Work to complete | Each record below is to be reproduced without any change.

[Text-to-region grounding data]
○ ○ ○ ○ ○
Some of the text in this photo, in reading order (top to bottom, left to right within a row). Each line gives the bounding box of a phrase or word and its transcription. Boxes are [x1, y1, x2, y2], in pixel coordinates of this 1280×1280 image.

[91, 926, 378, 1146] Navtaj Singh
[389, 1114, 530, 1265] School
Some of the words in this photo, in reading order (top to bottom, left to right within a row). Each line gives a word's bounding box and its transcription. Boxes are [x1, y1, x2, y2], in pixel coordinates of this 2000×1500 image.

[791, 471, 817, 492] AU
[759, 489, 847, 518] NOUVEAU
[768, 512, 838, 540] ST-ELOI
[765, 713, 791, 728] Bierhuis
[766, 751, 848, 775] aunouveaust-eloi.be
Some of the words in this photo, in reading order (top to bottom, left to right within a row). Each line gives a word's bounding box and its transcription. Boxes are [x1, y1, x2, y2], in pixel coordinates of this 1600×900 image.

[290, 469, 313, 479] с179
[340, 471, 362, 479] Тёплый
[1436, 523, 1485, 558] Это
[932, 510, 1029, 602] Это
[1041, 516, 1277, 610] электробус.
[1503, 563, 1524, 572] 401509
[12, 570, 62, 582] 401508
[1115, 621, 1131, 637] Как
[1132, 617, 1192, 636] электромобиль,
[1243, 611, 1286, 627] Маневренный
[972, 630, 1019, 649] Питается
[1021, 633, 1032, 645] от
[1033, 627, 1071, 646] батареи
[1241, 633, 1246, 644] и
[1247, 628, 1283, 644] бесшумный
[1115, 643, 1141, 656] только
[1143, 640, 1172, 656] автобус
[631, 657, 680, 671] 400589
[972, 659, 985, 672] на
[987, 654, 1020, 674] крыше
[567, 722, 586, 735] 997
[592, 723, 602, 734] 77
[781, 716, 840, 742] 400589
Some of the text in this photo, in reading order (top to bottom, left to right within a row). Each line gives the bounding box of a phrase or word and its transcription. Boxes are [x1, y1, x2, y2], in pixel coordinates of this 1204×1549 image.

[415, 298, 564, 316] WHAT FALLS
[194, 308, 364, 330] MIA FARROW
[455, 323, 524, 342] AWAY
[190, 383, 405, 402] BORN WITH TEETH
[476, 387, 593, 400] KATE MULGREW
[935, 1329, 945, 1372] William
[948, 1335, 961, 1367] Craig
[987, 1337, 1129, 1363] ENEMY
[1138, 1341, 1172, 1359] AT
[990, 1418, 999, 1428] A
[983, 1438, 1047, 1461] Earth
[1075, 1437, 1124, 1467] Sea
○ ○ ○ ○ ○
Task answer |
Some of the text in this photo, in reading order (top to bottom, left to right within a row). Each line gives the bounding box of a phrase or word and its transcription. Boxes are [x1, y1, x2, y2], in pixel coordinates of this 1280×1280 image.

[91, 926, 378, 1146] Navtaj Singh
[389, 1114, 530, 1265] School
Some of the words in this photo, in reading order (top to bottom, left to right within a row). Each line gives a word's bounding box and its transcription. Boxes are [x1, y1, x2, y2], in pixel coordinates of this 2000×1500 image.

[791, 471, 817, 492] AU
[759, 489, 847, 518] NOUVEAU
[768, 512, 838, 540] ST-ELOI
[765, 713, 791, 728] Bierhuis
[766, 751, 848, 775] aunouveaust-eloi.be
Some of the words in this photo, in reading order (top to bottom, left to right within a row). Each line gives a word's bounding box and its transcription. Boxes are [x1, y1, x2, y2], in pixel coordinates of this 1600×900 image.

[290, 469, 313, 479] с179
[340, 471, 362, 479] Тёплый
[1436, 523, 1485, 558] Это
[932, 510, 1029, 602] Это
[1041, 516, 1277, 610] электробус.
[1503, 563, 1524, 572] 401509
[12, 570, 62, 582] 401508
[1115, 621, 1131, 637] Как
[1132, 617, 1192, 636] электромобиль,
[1243, 611, 1286, 627] Маневренный
[972, 630, 1019, 649] Питается
[1021, 633, 1032, 645] от
[1033, 627, 1071, 646] батареи
[1241, 633, 1246, 644] и
[1247, 628, 1283, 644] бесшумный
[1115, 643, 1141, 656] только
[1143, 640, 1172, 656] автобус
[631, 657, 680, 671] 400589
[972, 659, 985, 672] на
[987, 654, 1020, 674] крыше
[567, 722, 586, 735] 997
[592, 723, 602, 734] 77
[781, 716, 840, 742] 400589
Some of the text in this photo, in reading order (top to bottom, left to right within a row). Each line gives the bounding box of a phrase or word and its transcription. Boxes are [x1, y1, x2, y2], in pixel coordinates of this 1204×1549 image.

[415, 298, 564, 316] WHAT FALLS
[194, 308, 364, 330] MIA FARROW
[455, 323, 524, 342] AWAY
[190, 383, 405, 402] BORN WITH TEETH
[476, 387, 593, 400] KATE MULGREW
[935, 1329, 945, 1372] William
[948, 1335, 961, 1367] Craig
[987, 1337, 1129, 1363] ENEMY
[1138, 1341, 1172, 1359] AT
[990, 1418, 999, 1428] A
[983, 1438, 1047, 1461] Earth
[1075, 1437, 1124, 1467] Sea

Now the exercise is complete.